WHAT YOU ARE ASKED TO DO =>
Leave out the pictures and print the records below exactly.

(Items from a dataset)
-.-.-

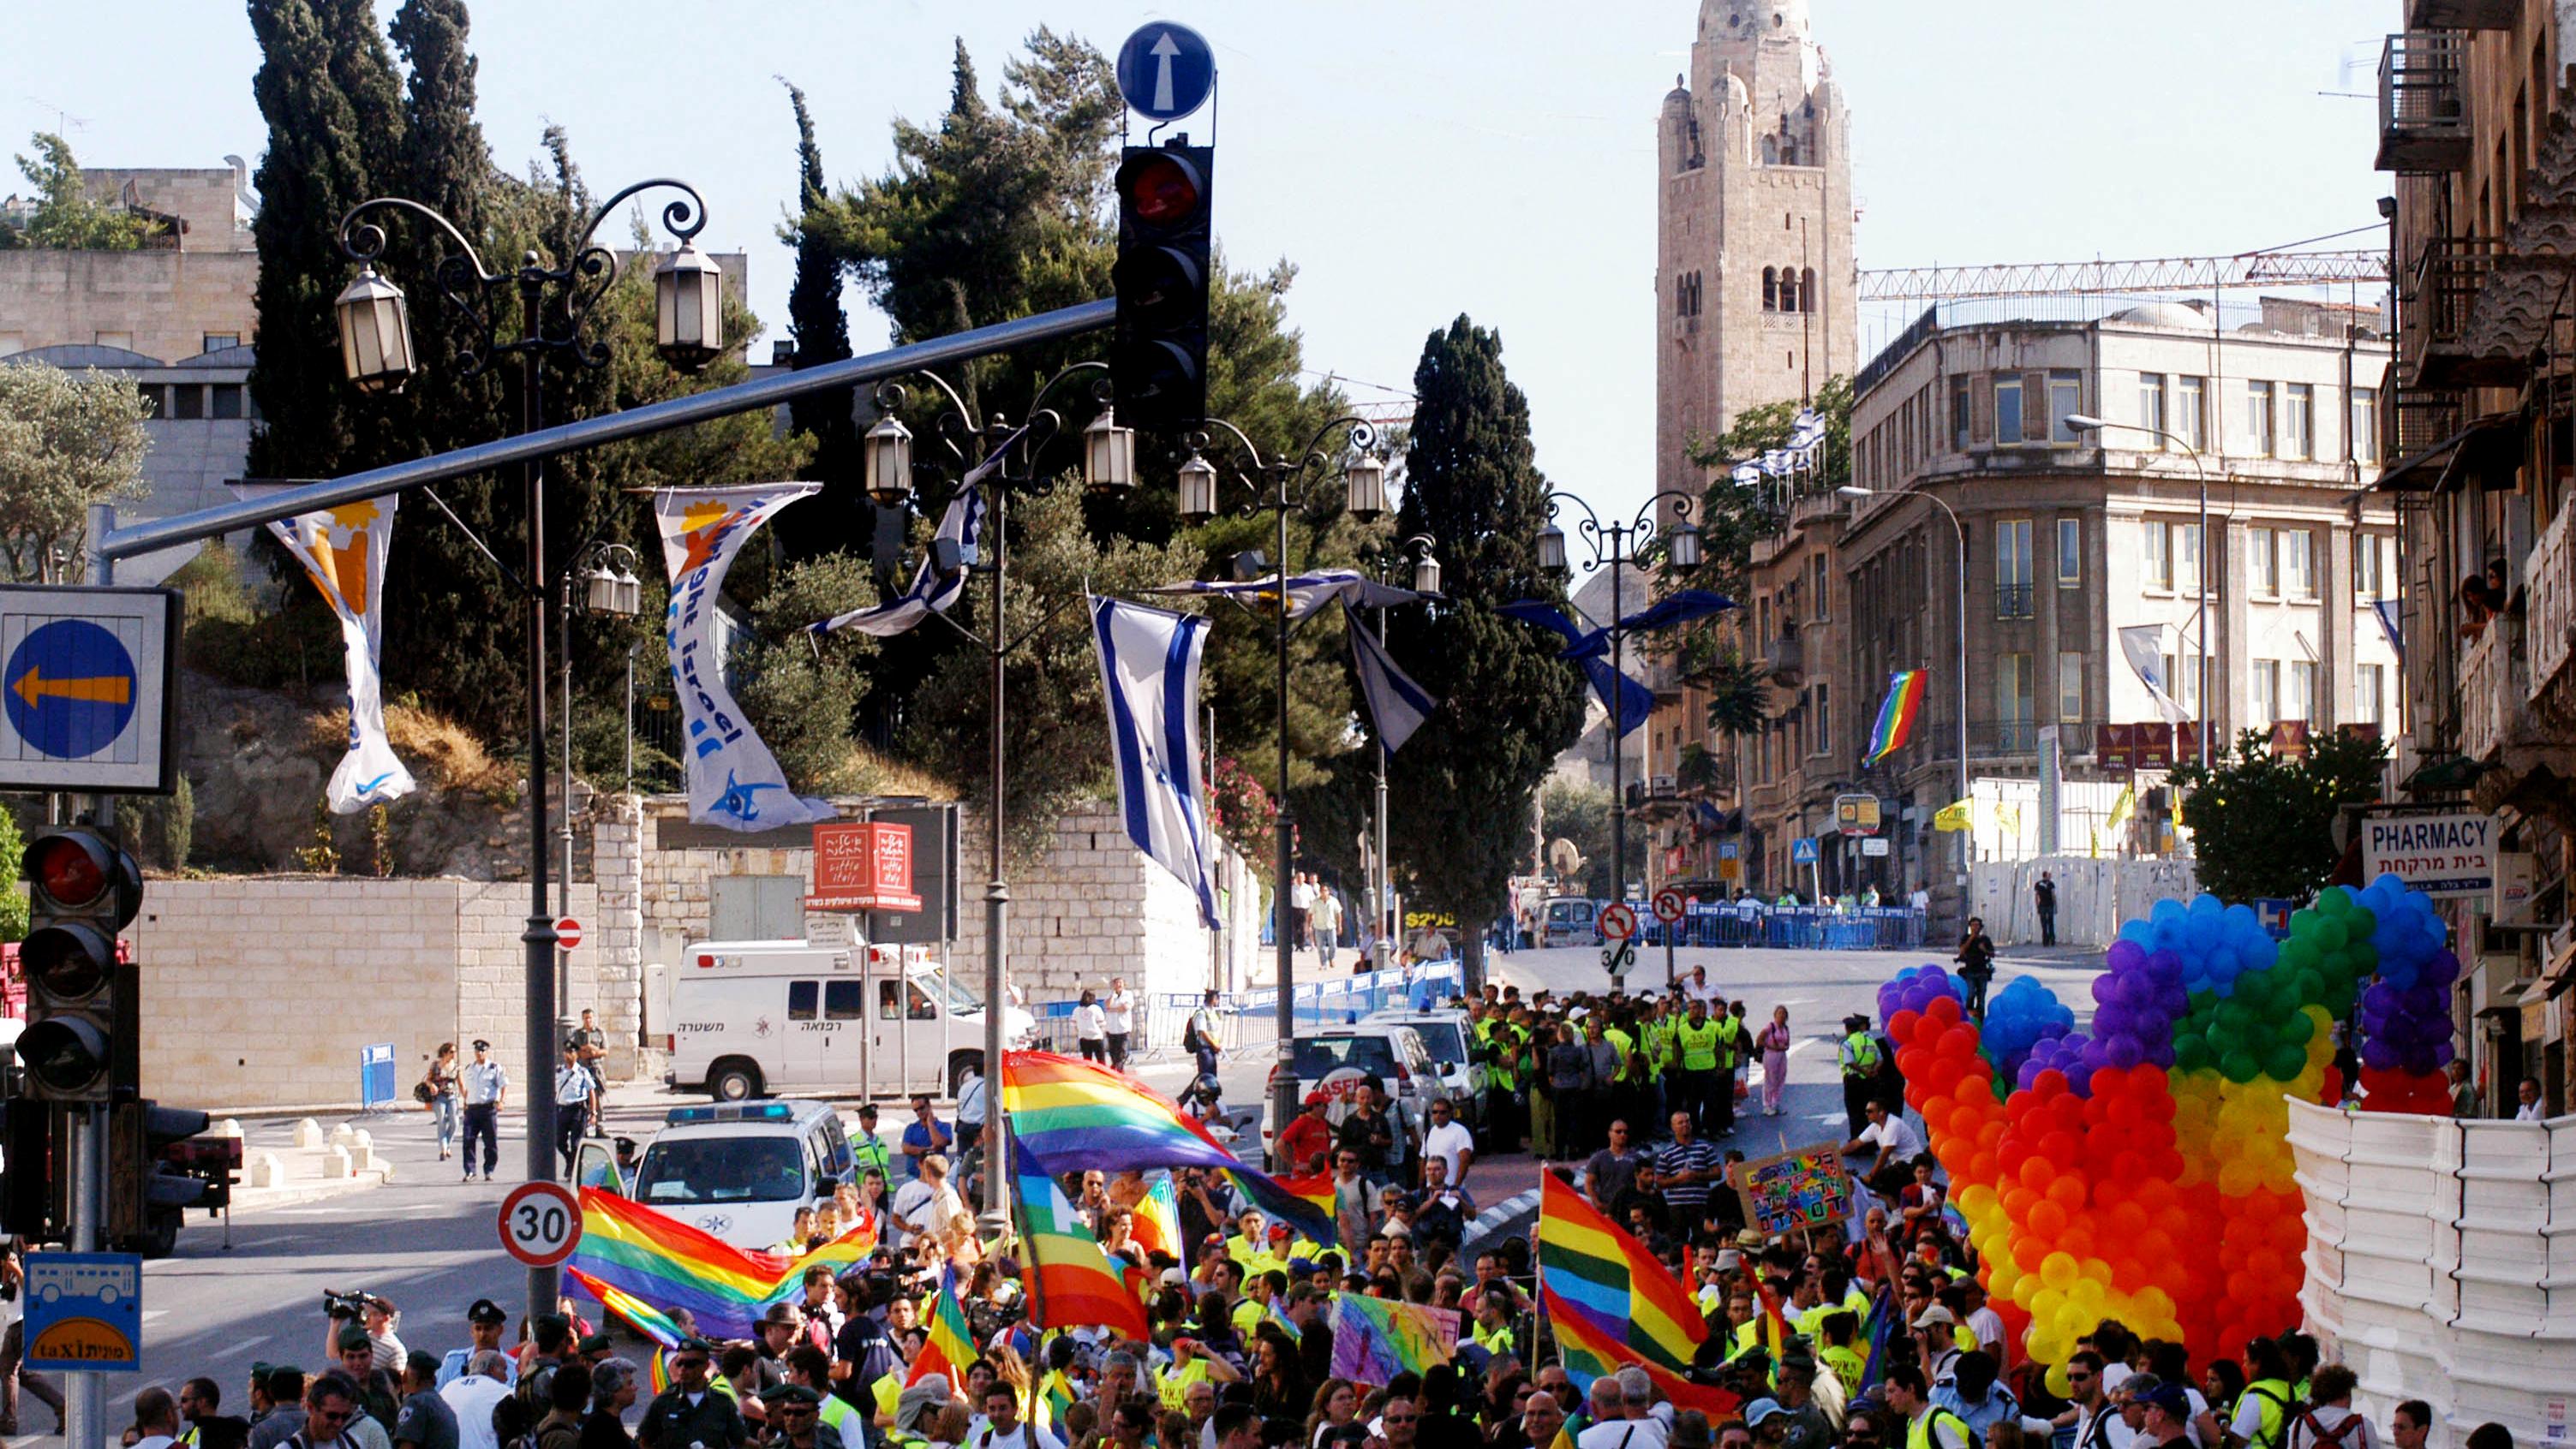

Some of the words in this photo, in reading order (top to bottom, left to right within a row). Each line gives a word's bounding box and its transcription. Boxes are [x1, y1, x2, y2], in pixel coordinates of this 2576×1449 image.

[682, 639, 744, 744] israel
[2372, 820, 2488, 853] PHARMACY
[2379, 857, 2446, 875] מרקחת
[2453, 855, 2487, 869] בית
[677, 1022, 725, 1032] משטרה
[801, 1022, 842, 1032] רפואה
[516, 1204, 565, 1244] 30
[39, 1339, 83, 1358] taxi
[86, 1344, 124, 1358] מונית

-.-.-

TASK RESPONSE =>
Some of the words in this photo, in reading order (top to bottom, left to right within a row). Each line gives a word's bounding box and its transcription. Boxes are [x1, y1, x2, y2], in pixel coordinates of this 2576×1449 image.

[682, 639, 744, 744] israel
[2372, 820, 2488, 853] PHARMACY
[2379, 857, 2446, 875] מרקחת
[2453, 855, 2487, 869] בית
[677, 1022, 725, 1032] משטרה
[801, 1022, 842, 1032] רפואה
[516, 1204, 565, 1244] 30
[39, 1339, 83, 1358] taxi
[86, 1344, 124, 1358] מונית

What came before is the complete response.